When you mess up, fess up.
As children, many of us were told by our parents and the other adults in our lives that we would make mistakes; and when we did so the thing to do was admit them and learn from them. Unfortunately not everybody heard this advice and a few more heard it but ignored it.
It’s important that you get this message now whether from reading this first-hand or perhaps someone who cares about you will have brought this to your attention and told you to read. Either way, good thing you’re reading now.
The first thing you need to understand is that messing up and making a mistake is something we all do; even the best of us. Yes, it’s true. Now some mistakes are bigger than others, and the fallout from those mistakes varies a great deal but making errors isn’t limited to just some of us. As you mature, you learn that it’s not the mistakes made that those around us typically judge us by but how we both learn from them and take responsibility for them.

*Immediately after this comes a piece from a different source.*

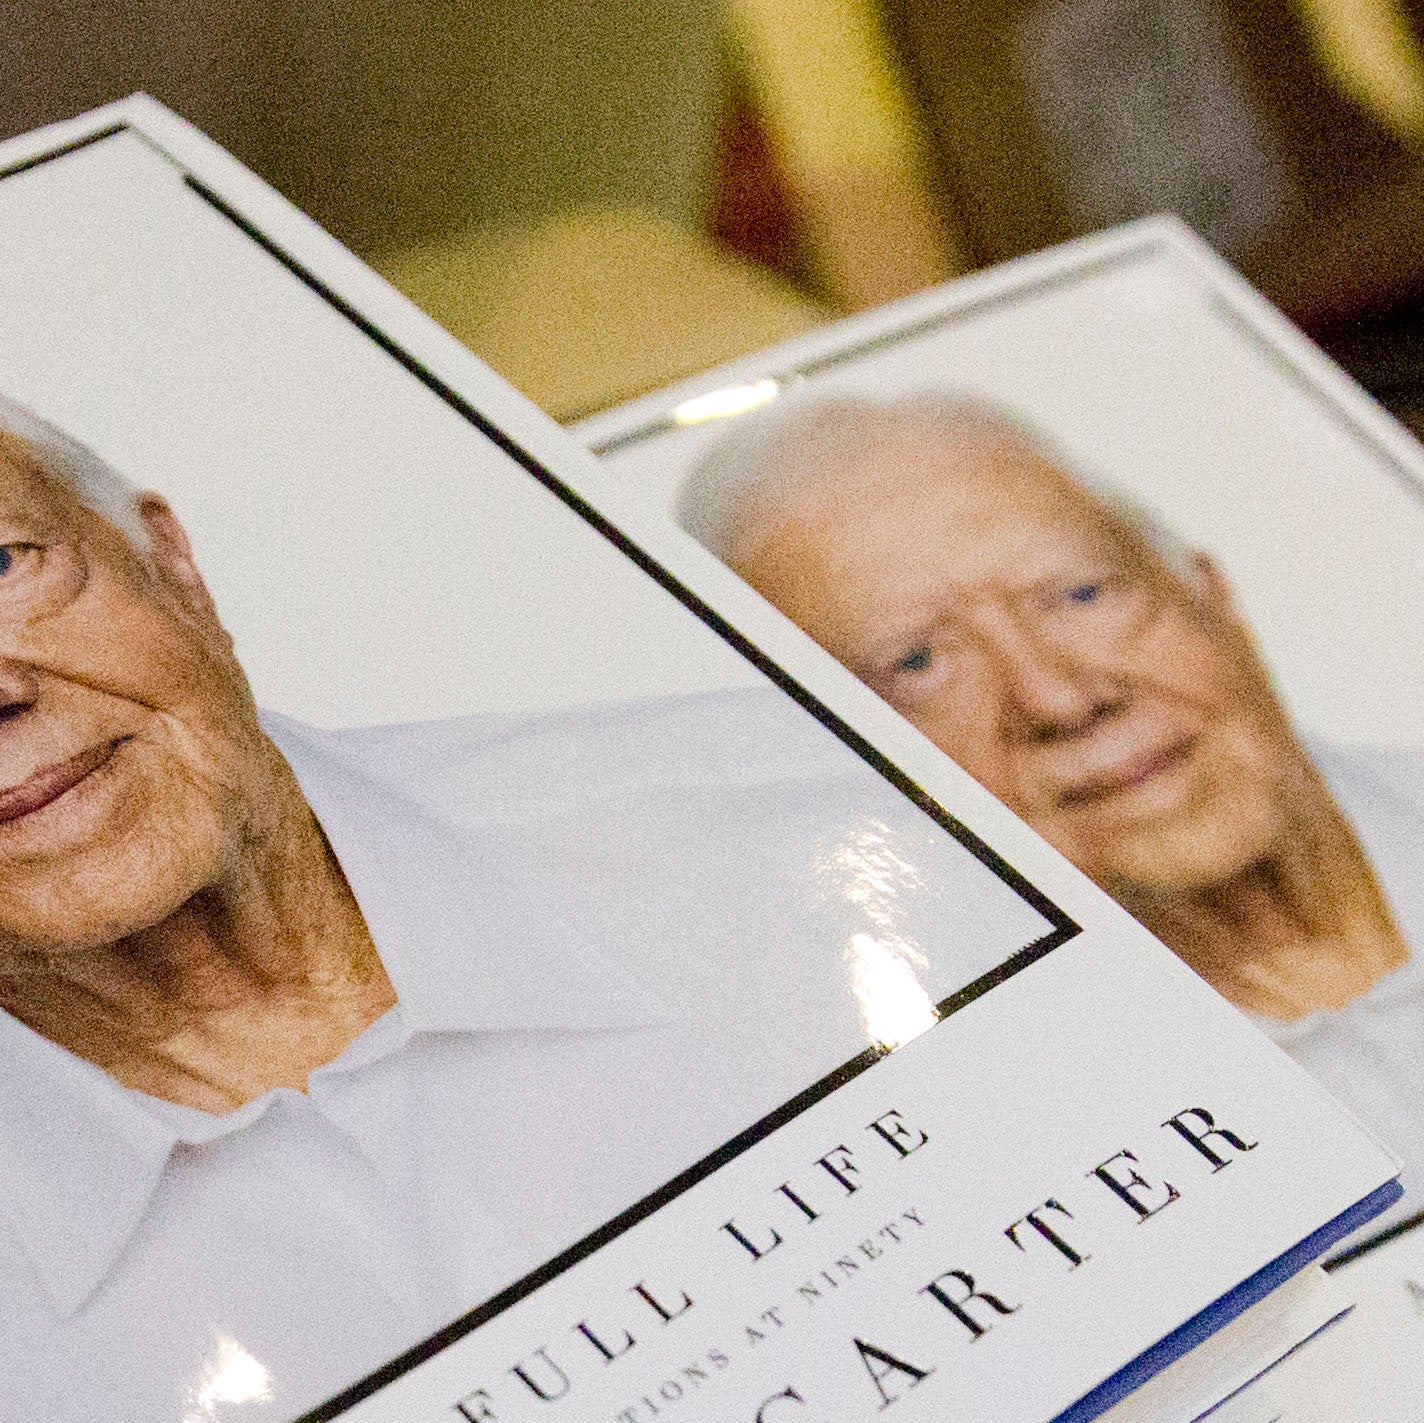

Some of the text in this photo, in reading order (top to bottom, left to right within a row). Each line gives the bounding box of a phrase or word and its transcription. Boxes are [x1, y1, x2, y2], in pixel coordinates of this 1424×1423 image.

[719, 1109, 929, 1261] LIFE
[743, 1305, 788, 1349] AT
[793, 1206, 928, 1308] NINETY

Remember when you were a little kid and you’d do something that would annoy your parents like colouring the walls with crayons. Whether you knew it was wrong or not you could tell quickly it was a bad thing when you’d hear your mom cry out, “Ah! Who’s been doodling on the walls?” Instantly your defence mechanisms would kick in and in an effort of self-preservation you’d say, “Not me!” Despite the fact you were an only child and the crayons themselves surrounded you on the floor, you’d somehow look to shift the blame to someone; anyone else. You could be forgiven for colouring where you shouldn’t but not for lying about it and attempting to ditch the responsibility.
As a growing teenager, you probably made all kinds of screw ups in what many refer to as the awkward years. Whether it was doing things you shouldn’t, or not doing things you should have, those years were full of blundering along and not always fessing up when things went wrong. The unexplained scratch on the family car, the broken window by the driveway where the hockey net sat, the muddy footprints in the hallway; all done and denied as being done by you.
Now the funny thing about mistakes is that the more we deny making them, the less it becomes about the error in the first place and the more it becomes about our inability to accept responsibility and be accountable. Being accountable is one trait that employers value highly. If you make mistakes – and you will – take responsibility for reporting it and learning from it so it’s less likely to happen again. If you fail to take responsibility for your errors, you’re a bigger problem for the employer to deal with as now they have to not only show you where you went wrong, but now they wonder about your honesty; and your character and reputation suffer as a result. In other words, you’re compounding the issue.
Here’s the thing about confessing to mistakes. If you say right up front, “That’s my fault and I’m sorry about that”, it makes it hard for others to make a big deal out of your error; you’ve taken the wind right out of their sails. They may have actually wanted you to argue about things, defend yourself until they eventual proved you wrong and won some argument, and here you’ve taken all that joy away from them by immediately apologizing. Do it really well, and anyone who lashes out at you over the initially error may later apologize to you for their reaction to your mistake!
Of course the bigger the error the harder it is for some to take responsibility. However, the bigger the mistake, the more a person’s character is revealed in how they react to their mistake and accept or decline the accountability.
Some mistakes we make are innocent ones because we truly didn’t know better. We made a decision based on the information we had at the time and it turned out to be the wrong one if we’d known about company practices, policies and procedures. Oh well, we know now. Other mistakes however are where we should have known better; in fact we did. Our moral compass screamed that what we were about to do was wrong but we did it anyway, hoping not to get caught in the process. We’re seldom that smart however, so sooner or later the mistake is noted, the search is on for the culprit and we only make things worse by initially denying any knowledge of the situation. Later, we’ll end up apologizing for both the mistake and the denial.
It may seem the harder thing to do, but the best advice you can get is to take ownership for your actions. WHEN not IF you mess up, stand up and fess up. Often you’ll gain a lot of respect from your co-workers and management for what happens after the mistake.
So whether it’s, “Who took my pen?”, “Who gave out my home number to a customer?” or “Who left the shop door unlocked last night?” be accountable for your actions. It may not always work out in your favour I admit. A boss might say they admire your honesty but they’ll have to discipline you or even let you go if it’s serious. But you’ll still have your integrity intact.